Dans un premier temps, le patriarcat de Moscou a tenté de minimiser : les orthodoxes ukrainiens auraient agi sous la contrainte, mais leur statut au sein du patriarcat n’aurait pas changé. Le 7 juin, le patriarche Kirill a réuni son synode (son conseil) et montré qu’il ne prenait pas à la légère les décisions de l’Église d’Onuphre : celles-ci contreviennent aux règles de l’Église et l’entraînent dans la voie d’un schisme. En outre, il a été décidé de rattacher directement au patriarcat de Moscou les trois diocèses de Crimée (qui, de la sorte, ne feront plus partie de l’Église d’Onuphre).

Par ailleurs, quelques diocèses appartenant à l’Église d’Onuphre ont annoncé qu’ils ne reconnaissaient pas les décisions du concile du 27 mai. La situation est également appelée à évoluer en fonction du déplacement du front.

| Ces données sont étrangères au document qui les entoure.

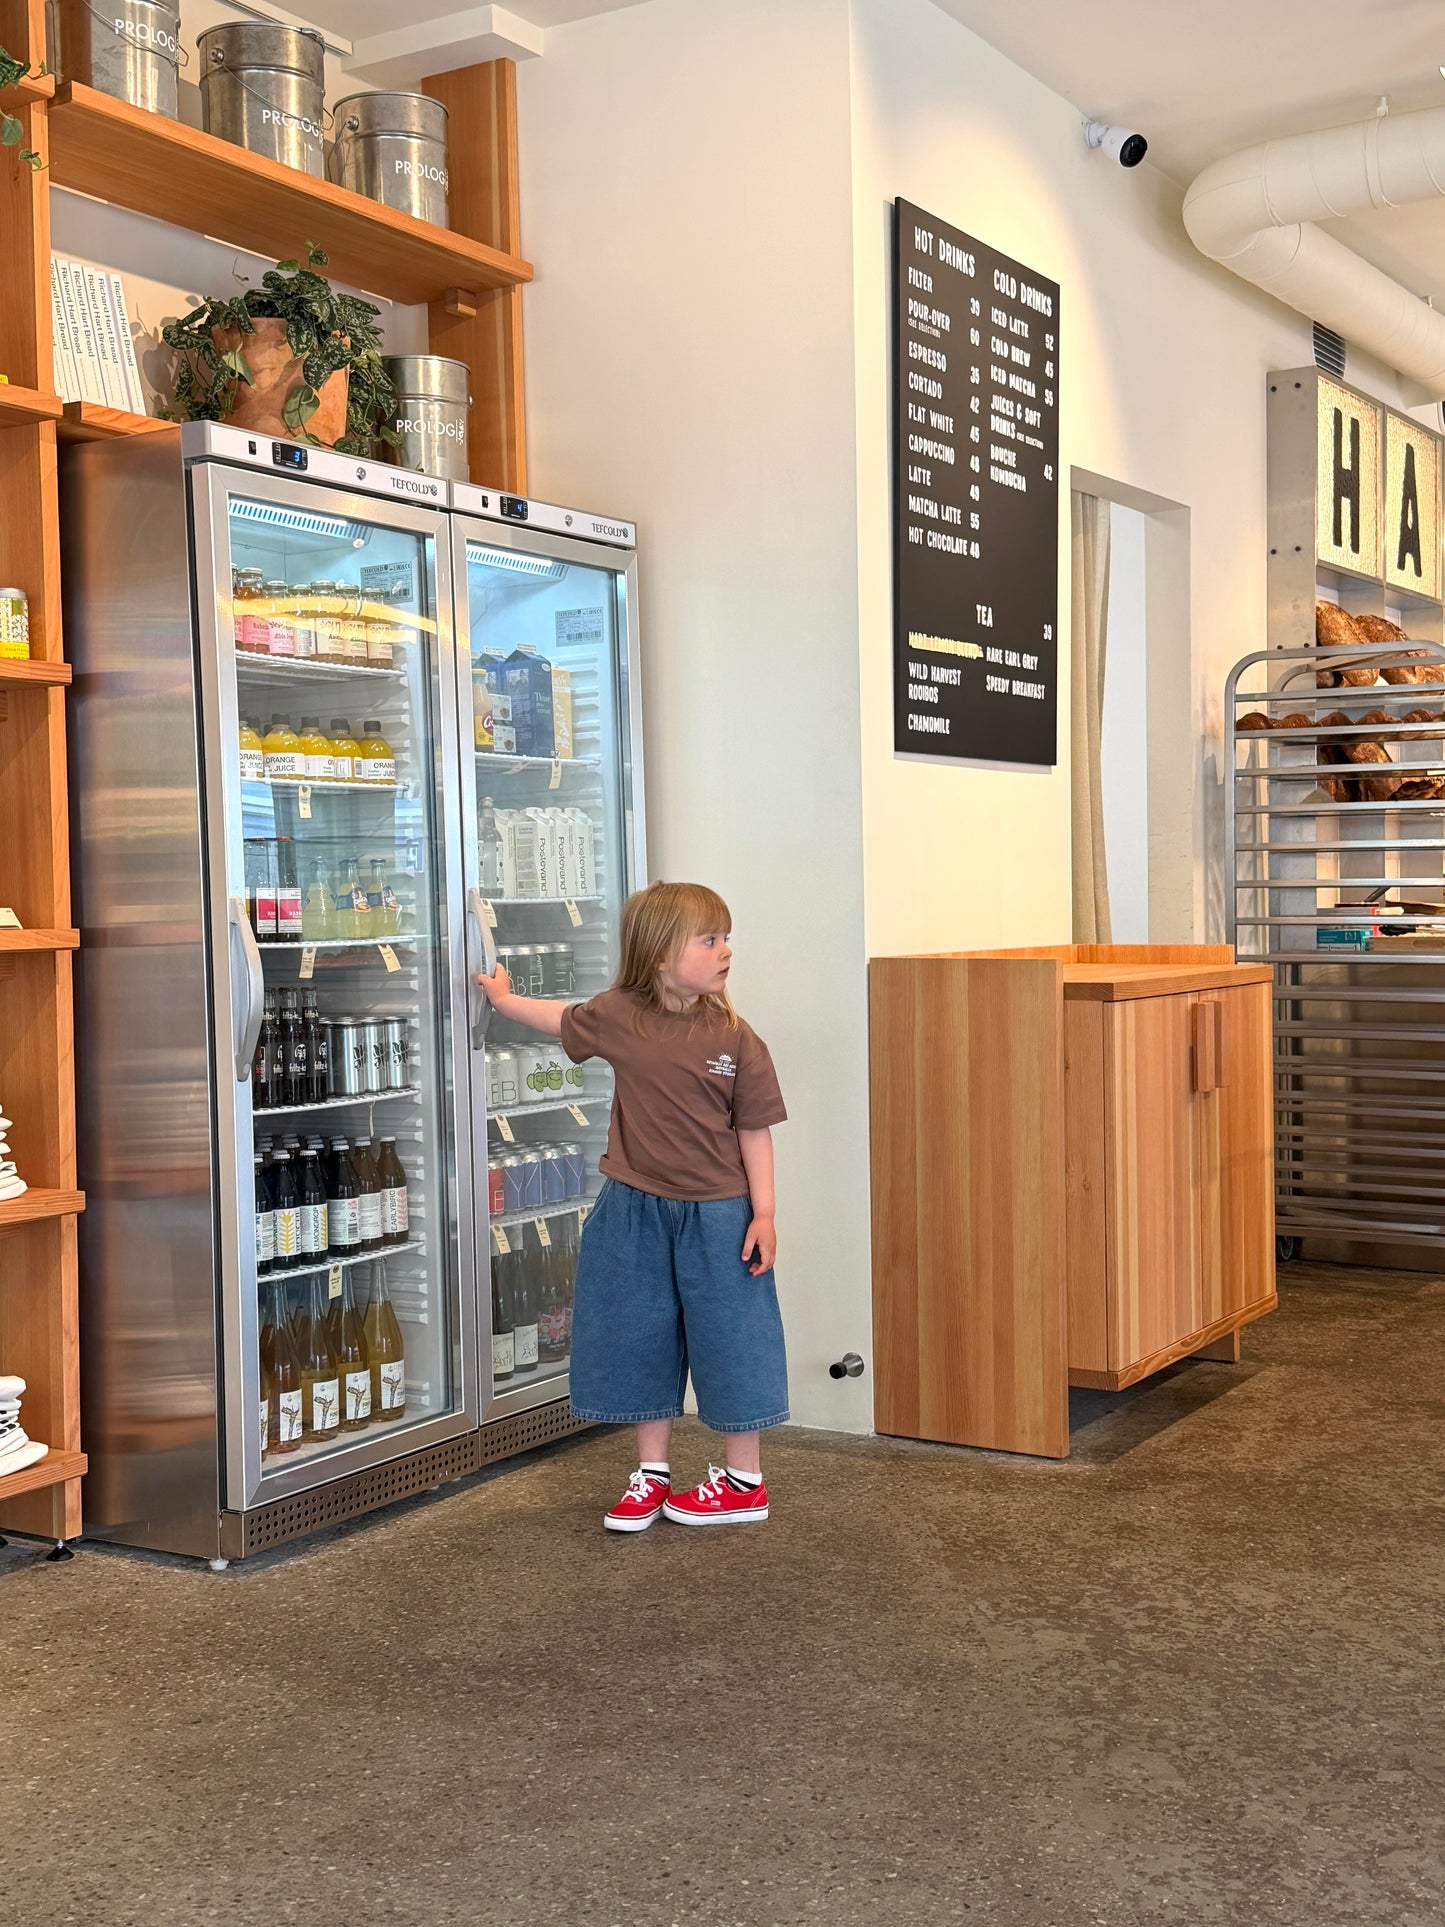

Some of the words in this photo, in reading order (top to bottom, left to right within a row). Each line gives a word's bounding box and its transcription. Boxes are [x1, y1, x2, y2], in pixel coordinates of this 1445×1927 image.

La portée de ces décisions fait l’objet de controverses. Certains considèrent qu’Onuphre n’est pas allé assez loin, que ce serait un jeu de sa part et qu’il resterait inféodé à Moscou, et enfin que la nouvelle rédaction des statuts de l’Église qu’il gouverne, ne déclarant pas formellement l’autocéphalie, permettrait un retour en arrière.

Les autres voient au contraire dans ces décisions une véritable volonté de rupture avec Moscou.

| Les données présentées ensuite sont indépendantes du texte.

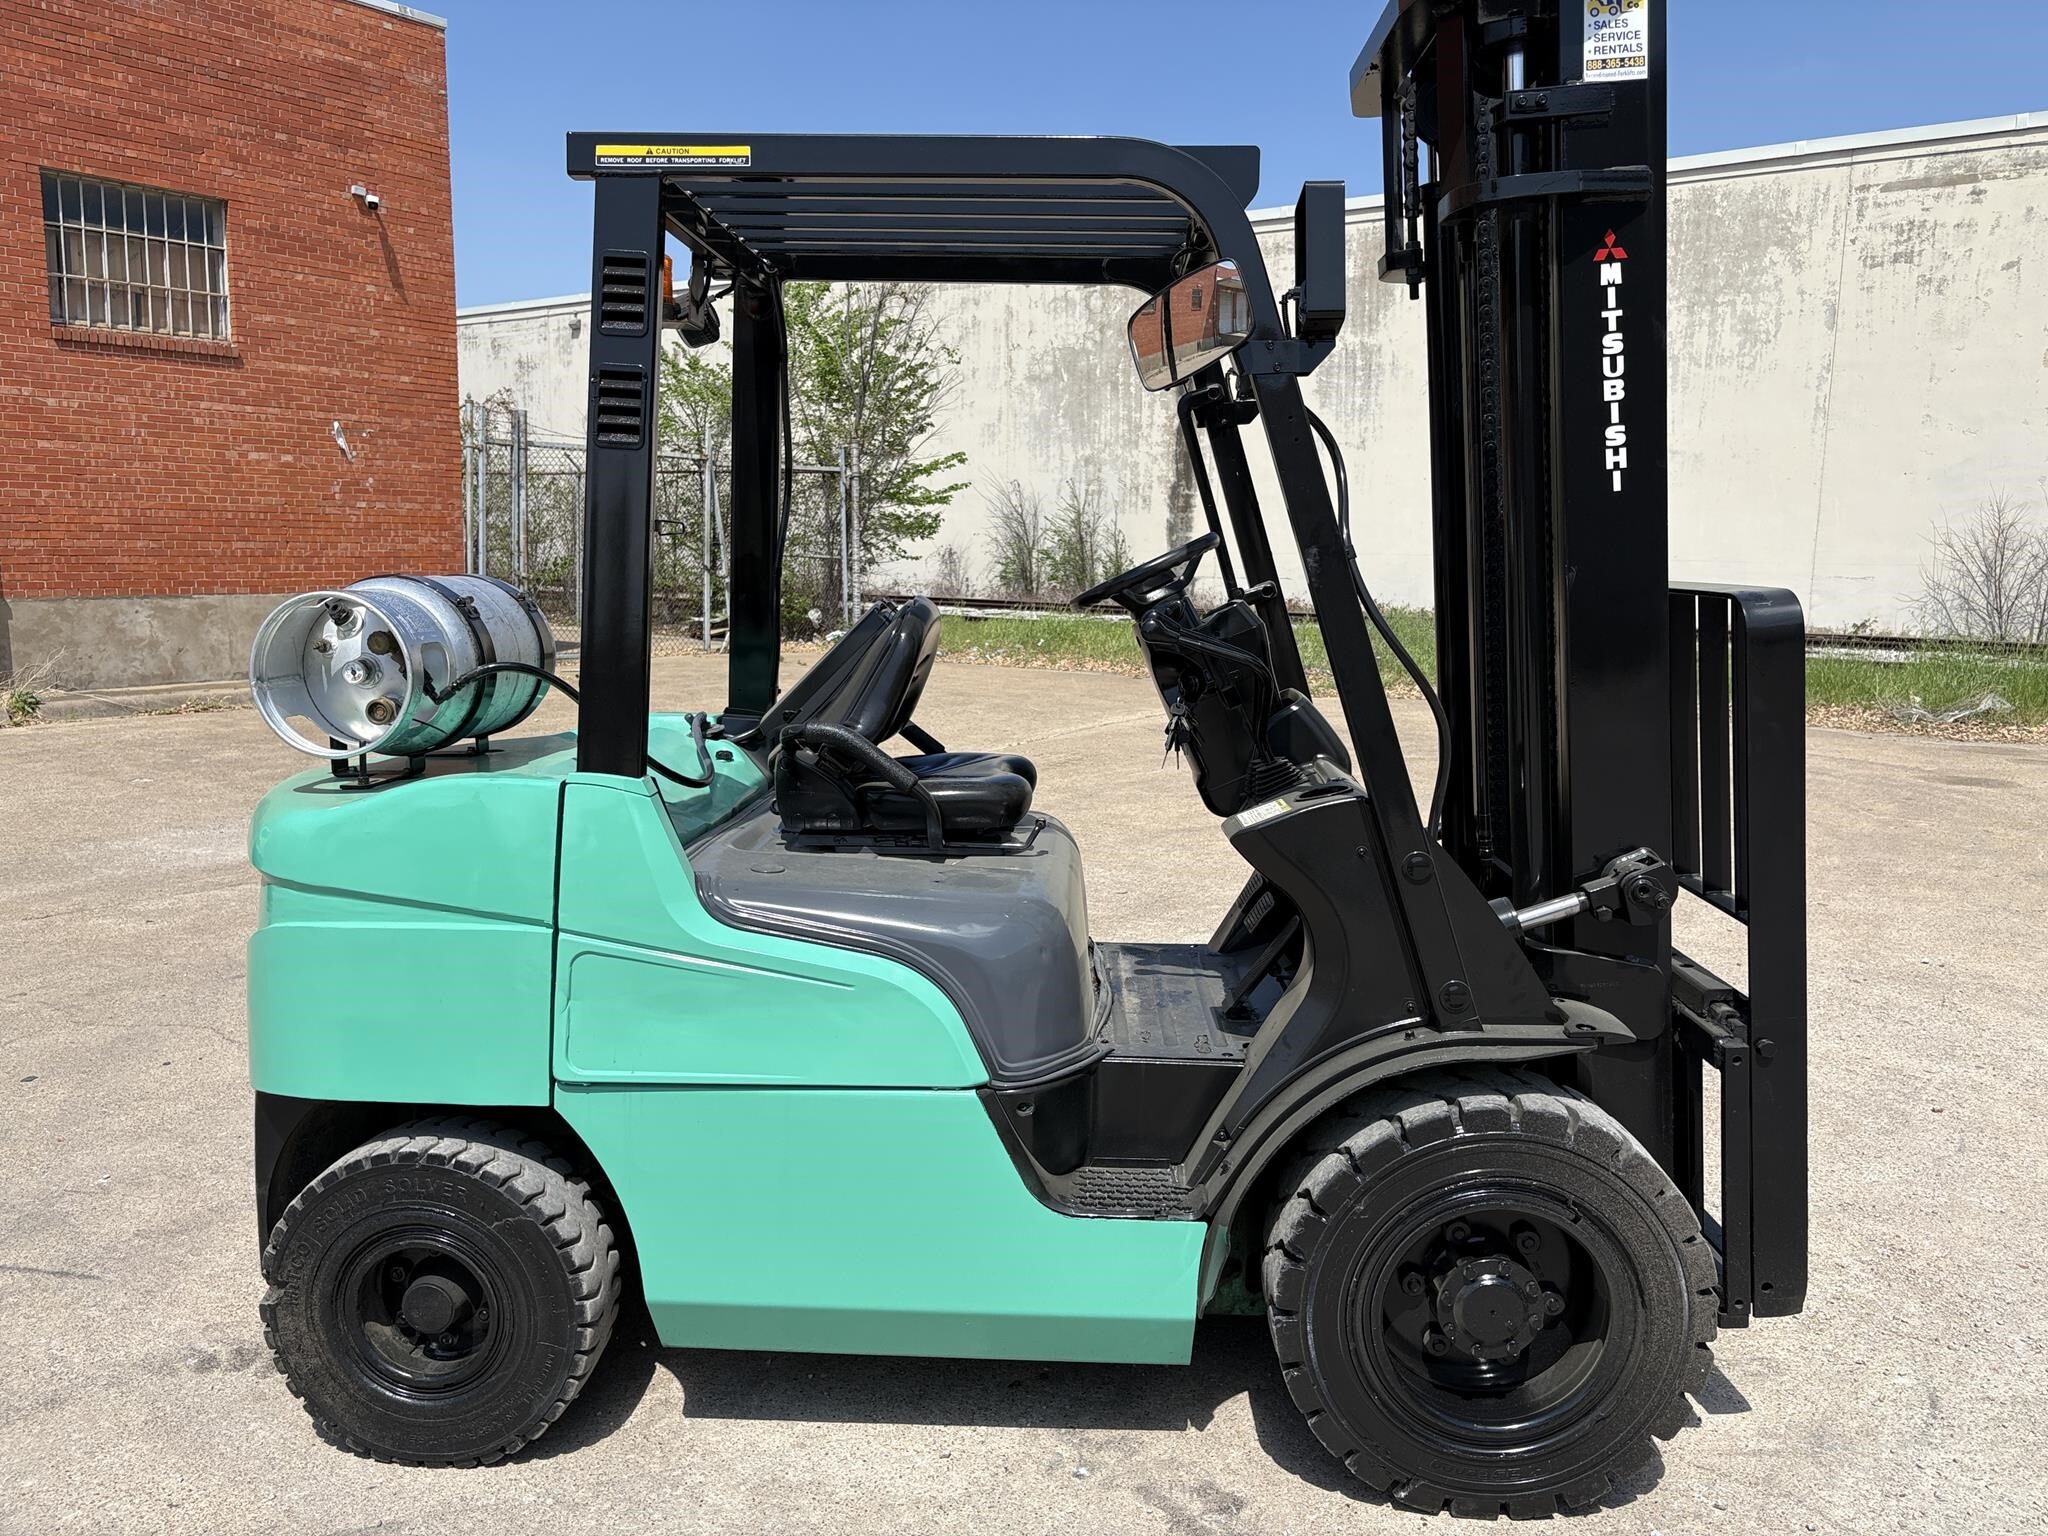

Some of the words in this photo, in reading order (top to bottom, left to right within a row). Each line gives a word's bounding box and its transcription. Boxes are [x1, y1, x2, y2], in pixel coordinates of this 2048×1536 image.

[1627, 1, 1640, 9] Co
[1593, 18, 1629, 30] SALES
[1593, 30, 1641, 43] SERVICE
[1593, 43, 1643, 55] RENTALS
[1587, 56, 1645, 70] 888-365-5438
[1600, 262, 1628, 492] MITSUBISHI

On peut considérer que l’Église orthodoxe ukrainienne gouvernée par Onuphre est désormais de facto autocéphale sans l’avoir déclaré officiellement, car, en principe, l’autocéphalie doit être octroyée par l’Église d’affiliation (en l’occurrence Moscou) ou par Constantinople (nous n’entrons pas dans les détails d’une discussion complexe). De facto, la rupture est consommée, mais l’Église d’Onuphre se trouve dans un vide juridique. Une réunion de l’Église d’Onuphre et de celle d’Épiphane n’est pas pour demain. L’histoire nous enseigne d’ailleurs que l’accession à l’autocéphalie est un processus laborieux et qu’une Église orthodoxe peut rester des années dans un tel vide juridique en attendant que son autocéphalie soit reconnue par les autres Églises autocéphales (cela a été le cas de Moscou de 1448 à 1589).

L’orthodoxie ukrainienne reste divisée, comme elle l’est depuis l’indépendance de l’Ukraine. Mais sans préjuger des reconfigurations à venir, on peut affirmer sans grand risque que le patriarche Kirill a perdu l’Ukraine. Comme dans les autres domaines, l’invasion de l’Ukraine a provoqué une scission difficilement réversible à vue humaine entre le monde orthodoxe russe et celui de l’Ukraine.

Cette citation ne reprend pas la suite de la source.